**Supplied material:**
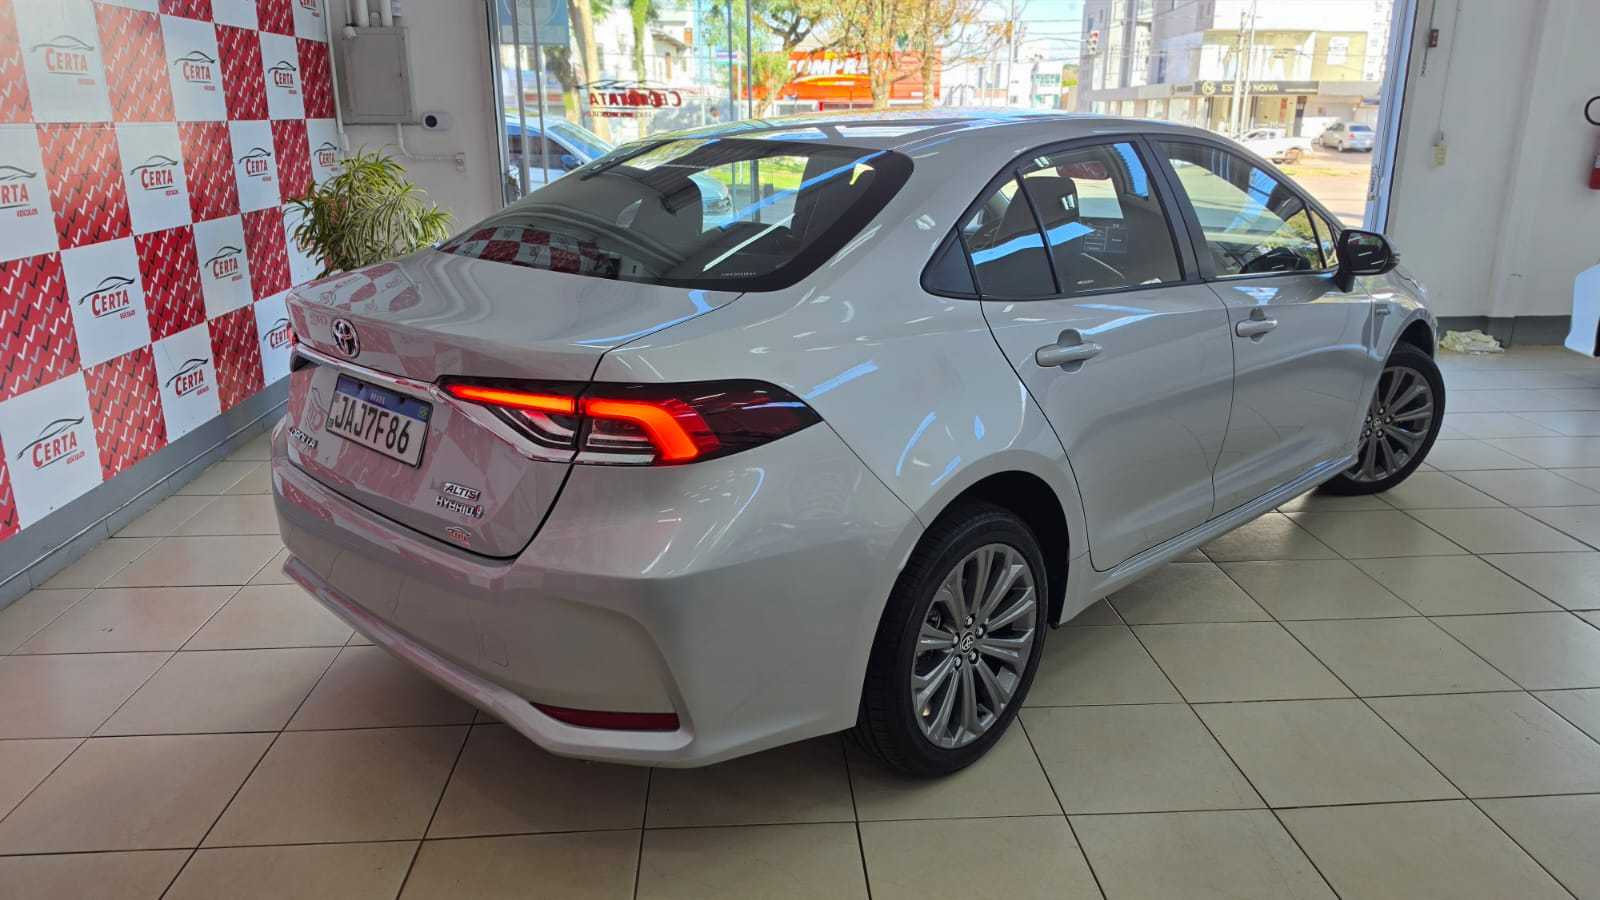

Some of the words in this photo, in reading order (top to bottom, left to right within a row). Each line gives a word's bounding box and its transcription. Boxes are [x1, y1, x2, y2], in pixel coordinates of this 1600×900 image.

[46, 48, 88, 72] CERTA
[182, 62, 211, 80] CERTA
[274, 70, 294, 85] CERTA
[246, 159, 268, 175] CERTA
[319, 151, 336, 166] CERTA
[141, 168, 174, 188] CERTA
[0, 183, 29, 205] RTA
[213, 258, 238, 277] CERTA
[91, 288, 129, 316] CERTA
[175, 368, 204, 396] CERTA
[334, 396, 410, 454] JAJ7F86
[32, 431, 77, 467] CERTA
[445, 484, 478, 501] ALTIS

**Your assignment:** Drop the pictures and reproduce the rest of the data above exactly.

**Your solution:**
Some of the words in this photo, in reading order (top to bottom, left to right within a row). Each line gives a word's bounding box and its transcription. Boxes are [x1, y1, x2, y2], in pixel coordinates of this 1600×900 image.

[46, 48, 88, 72] CERTA
[182, 62, 211, 80] CERTA
[274, 70, 294, 85] CERTA
[246, 159, 268, 175] CERTA
[319, 151, 336, 166] CERTA
[141, 168, 174, 188] CERTA
[0, 183, 29, 205] RTA
[213, 258, 238, 277] CERTA
[91, 288, 129, 316] CERTA
[175, 368, 204, 396] CERTA
[334, 396, 410, 454] JAJ7F86
[32, 431, 77, 467] CERTA
[445, 484, 478, 501] ALTIS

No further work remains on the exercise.